The pipeline is composed of the column transformer and the machine learning model. In this case, the machine learning model is a support vector classifier (SVC). Using this code, a pipeline that preprocesses the several feature subsets in different ways can be established. Machine learning frequently employs this technique. It enables us to improve the performance of models by preprocessing the data in accordance with the many sorts of features.
Code Snippet:
from sklearn.preprocessing import StandardScaler
from sklearn.preprocessing import OneHotEncoder
from sklearn.svm import SVC
from sklearn.compose import ColumnTransformer
cust_numeric_features = ['Age', 'Salary', 'Purchase History']
cust_numeric_transformer = StandardScaler()
cust_categorical_features = ['Gender']
cust_categorical_transformer = OneHotEncoder()
data_for_processor = ColumnTransformer(
transformers=[
('AGE->SALARY->PURCHASE_HISTORY', cust_numeric_transformer, cust_numeric_features),
('GENDER', cust_categorical_transformer, cust_categorical_features)
])
model_pipeline = Pipeline([
('preprocess', data_for_processor),
('model', SVC())])
print("Scikit-Learn pipeline created!")
Step 5: Fit and Evaluate the Pipeline
The accuracy_score() function, which measures how well the machine learning models perform, is imported in the first line of code from the “sklearn.metrics” module. The second line of code fits the training data to the model_pipeline. The fit() method accepts two arguments: the features and the target variable. The training data is used by the model_pipeline to determine the associations between the features and the target variable.

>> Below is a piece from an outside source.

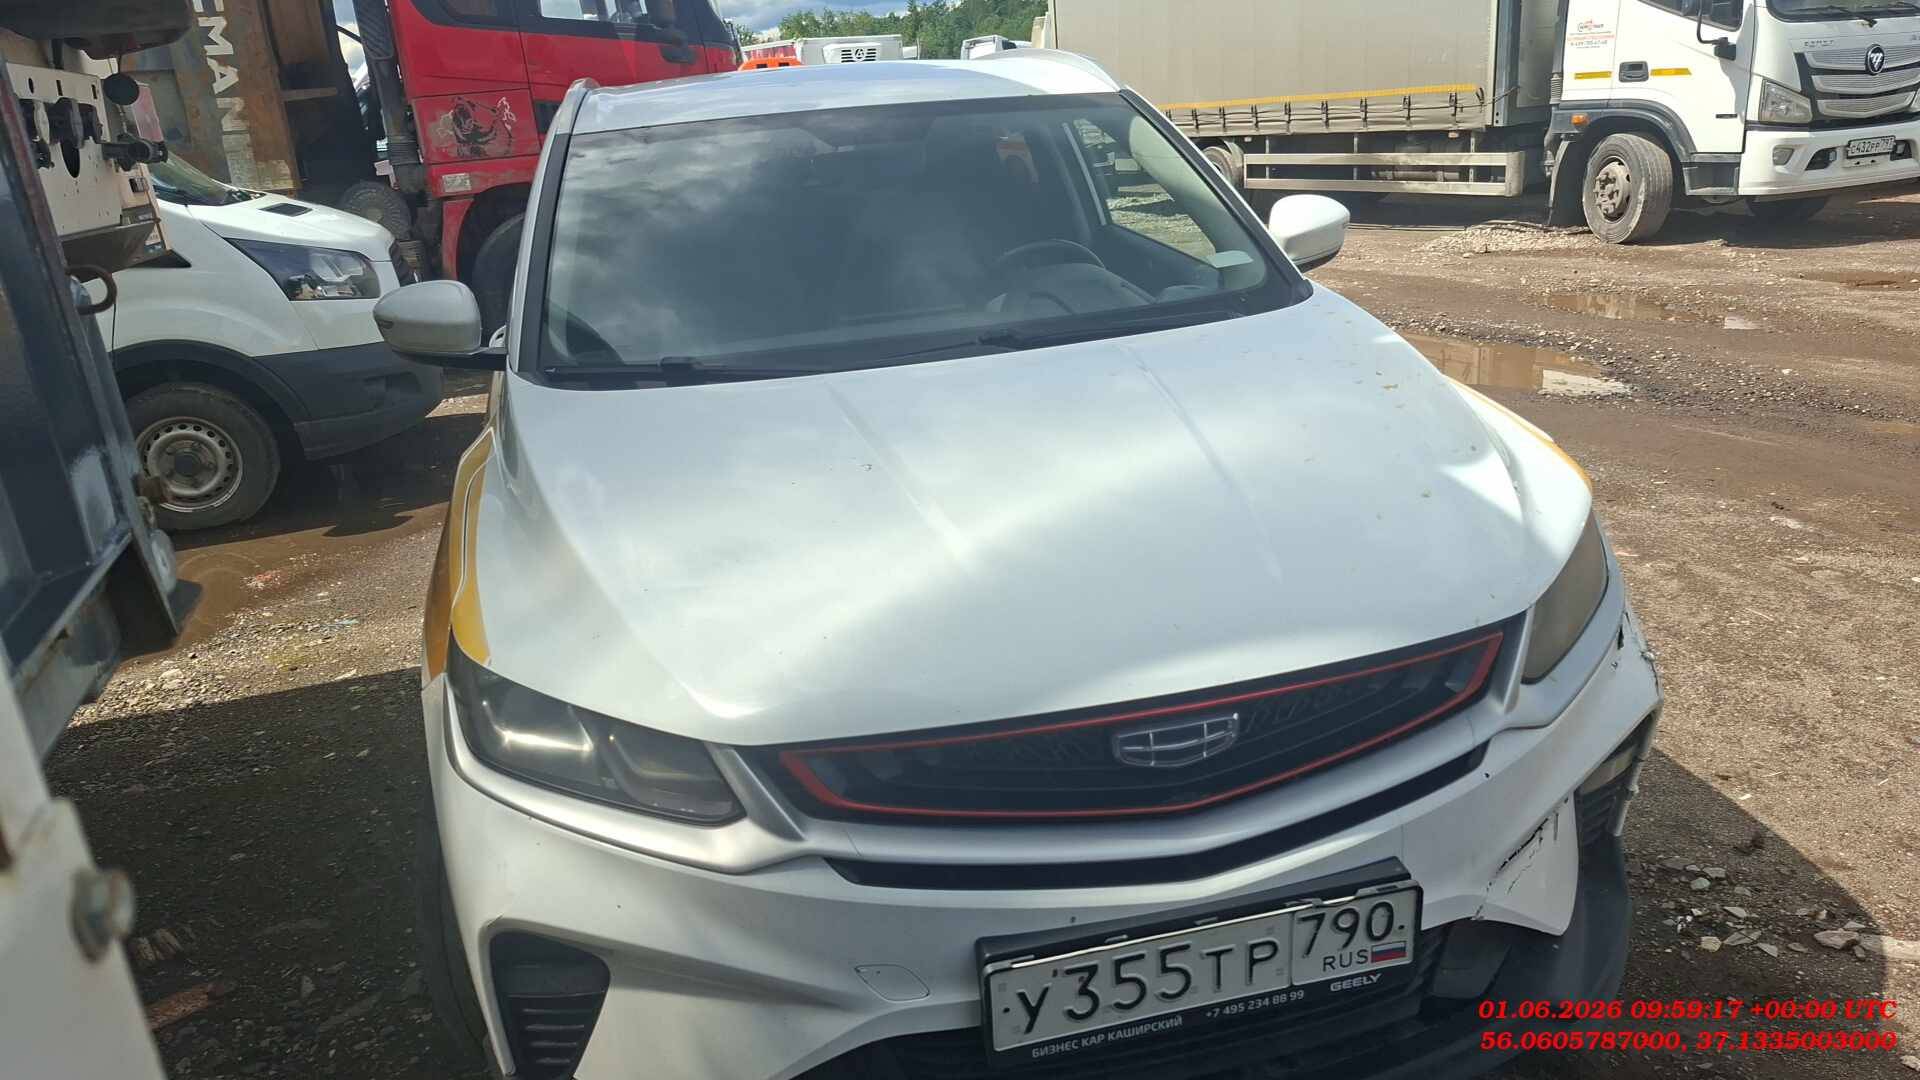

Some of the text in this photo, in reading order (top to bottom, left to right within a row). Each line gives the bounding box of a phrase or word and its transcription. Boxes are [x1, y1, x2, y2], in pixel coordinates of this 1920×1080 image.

On the basis of the test results, the succeeding line of code produces predictions. The features are the only argument needed for the predict() function. The relationships that the model_pipeline discovered from the training data are used to produce predictions for the test data. The model is assessed in the fourth line of code. The actual values and the anticipated values are the two inputs for the accuracy_score() method. The precision of the model, or the proportion of correct predictions, is provided by the function.
Code Snippet:
model_pipeline.fit(F_training, t_training)
t_prediction = model_pipeline.predict(F_testing)
# Evaluate the model
model_accuracy = accuracy_score(t_testing, t_prediction)
print("Accuracy:", model_accuracy)
Step 6: Execute the Code
Here is the successful execution of code using Python. The accuracy of the model is 0.483.
Conclusion
Numerous machine learning methods such as decision trees, logistic and linear regression, and random forests are provided by Scikit-Learn. It also offers preprocessing steps for machine learning data preparation such as scaling and normalization. Scikit-Learn recommends the evaluation and model selection functions for machine learning models including accuracy, precision, and recall.